Dr. Marty Makary wants patients to push for change in the way doctors do their jobs to increase patient safety and points to faults in current medical culture.

Libby Lewis | CNN | September 20, 2012

At Donahoe Kearney, we continue to warn patients about the current epidemic in the health care industry: preventable medical errors. We constantly hear stories about medical care providers harming patients more through negligence. With Dr. Makary’s writings we were happy to discover that some doctors are aware of this problem too, and trying to do something about it.

We recently posted an article by Makary outlining what hospitals and doctors can do to reform this culture of silence – in his new book, “Unaccountable: What Hospitals Won’t Tell you and how Transparency Can Revolutionize Health Care,” Makary addresses readers, telling them what they can do as consumers to promote change and increase patient safety.

Makary warns readers about:

  • Dangerous doctors, who are allowed to continue practicing because of a code of silence among their colleagues.
  • “Fred Flintstone doctors,” who are woefully behind the times in their skills, but won’t tell you.
  • Profit-hungry doctors and hospitals, who take “sales commissions” from drug and medical device companies for using a certain drug, or implanting a certain device in patients.

These types of health care providers contribute to the startling statistics of preventable medical errors; one of every four patients who are hospitalized is harmed by a medical error, CNN reports.

According to Makary, patients can do their part to change this culture by pushing for change in the way doctors and hospitals do their jobs.

Patients can achieve this by becoming smart consumers of health care. By doing research similar to the way they would before making a big purchase such as a home or car.
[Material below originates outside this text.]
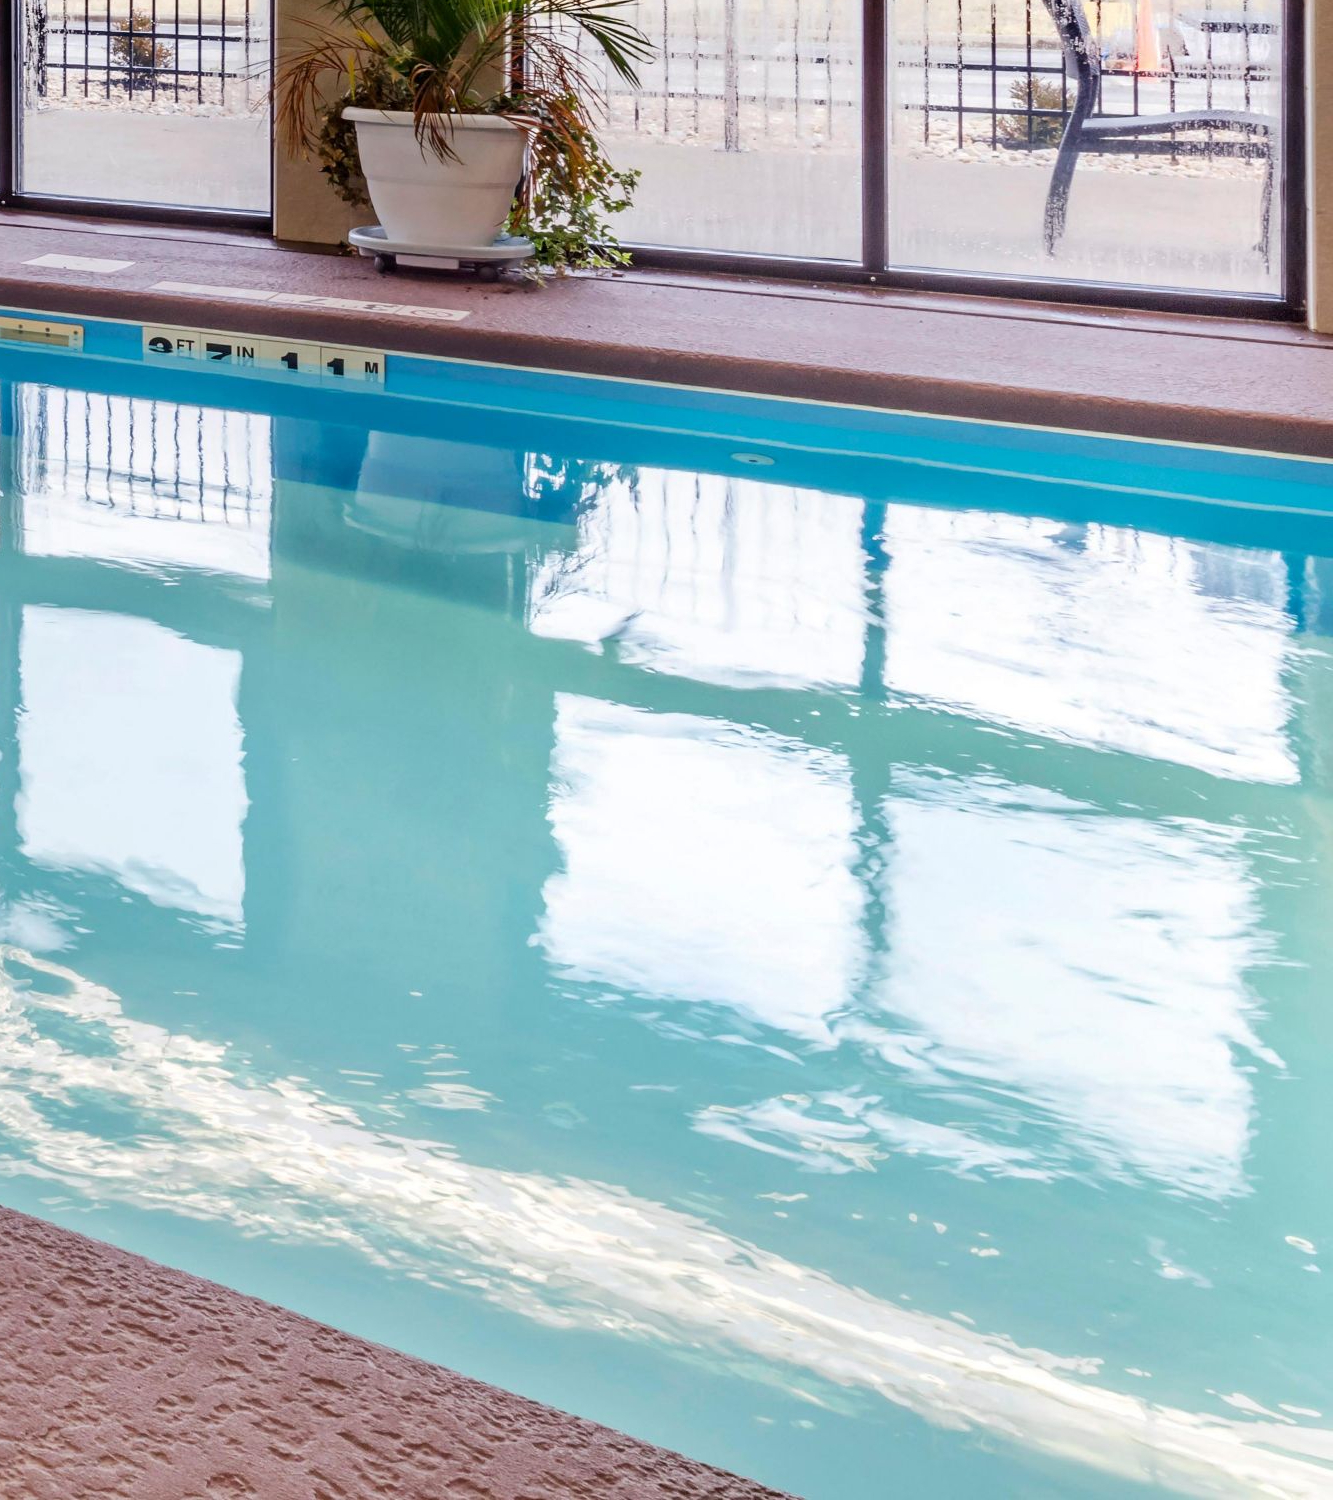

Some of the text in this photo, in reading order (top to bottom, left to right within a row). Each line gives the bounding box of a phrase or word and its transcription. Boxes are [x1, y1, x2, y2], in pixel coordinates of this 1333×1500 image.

[177, 339, 194, 351] FT
[237, 346, 254, 358] IN
[365, 362, 379, 374] M
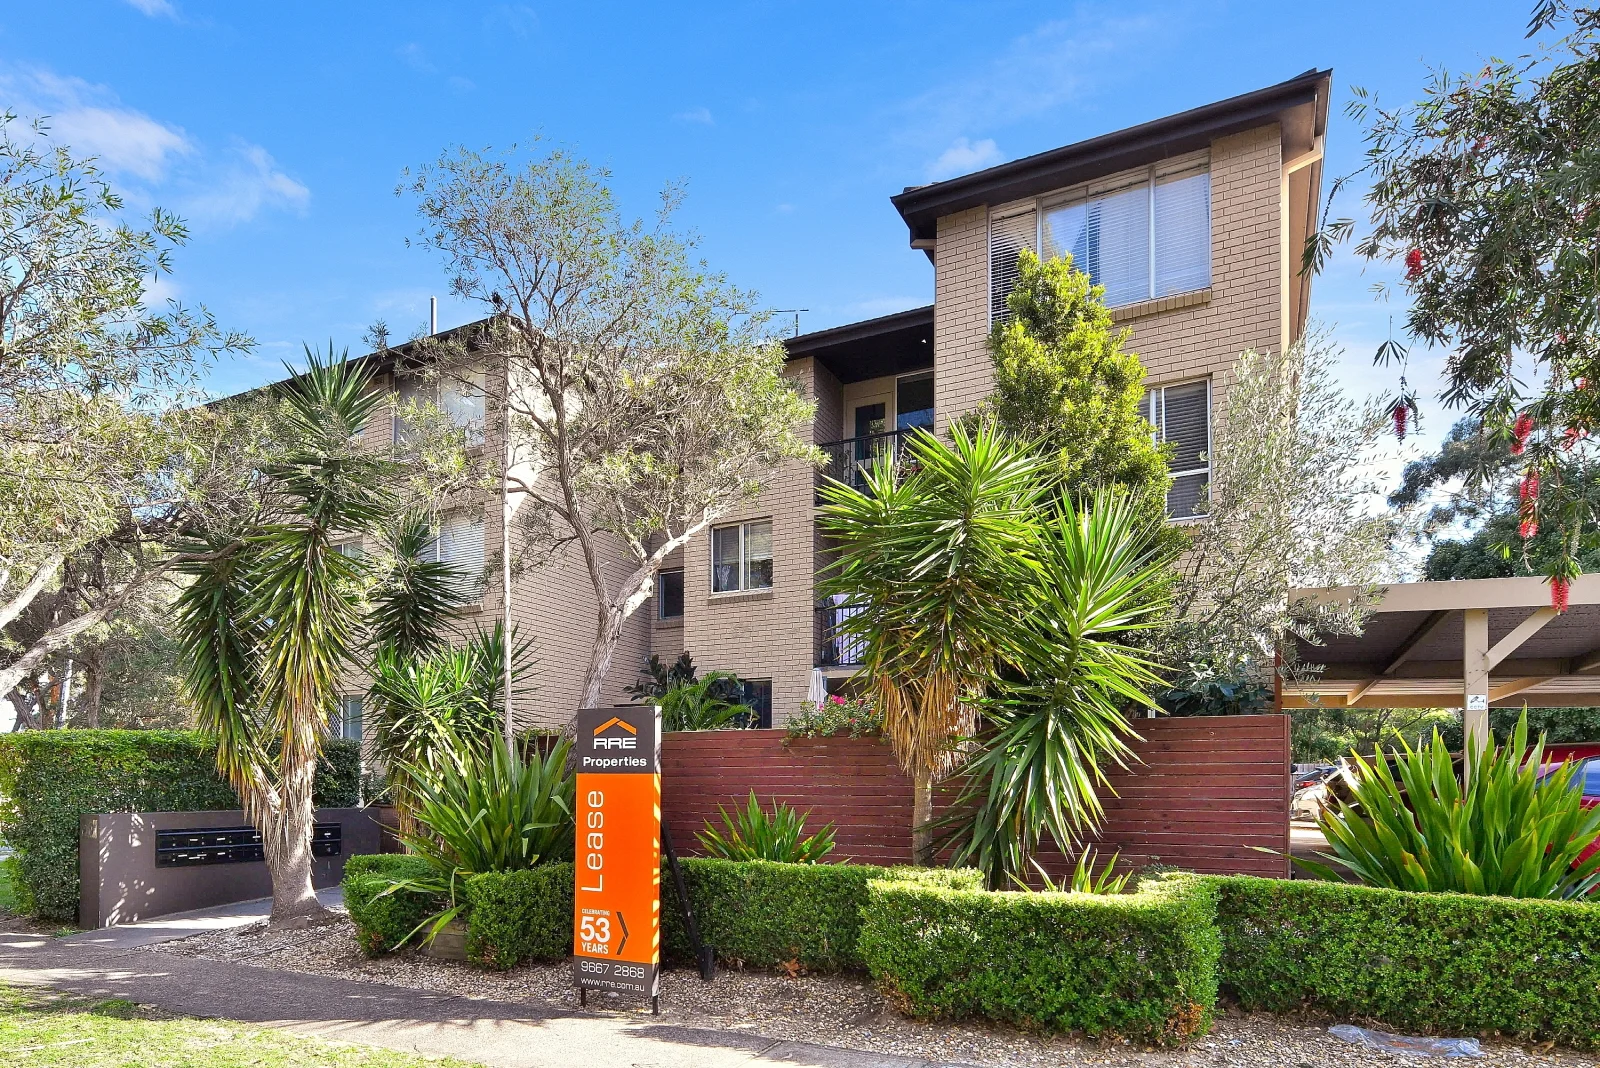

Markary gives some tips on how to become a sharp consumer of health care:

  • To find out if a doctor is good or not, ask hospital employees
  • Use the internet to learn what you can do about your condition, and your options. Helpful websites include, PubMed.gov; HospitalCompare.com; and Vitals.com
  • When a doctor suggests surgery, ask questions: What happens if I can’t do this? What other options do I have? What are the risks and the benefits?
  • Get a second opinion.

Hopefully Markary’s book encourages patients to beware of these dangerous doctors, but also forces doctors and other health care providers to take a good hard look at themselves to recognize that they need to change their behavior to prioritize patient safety.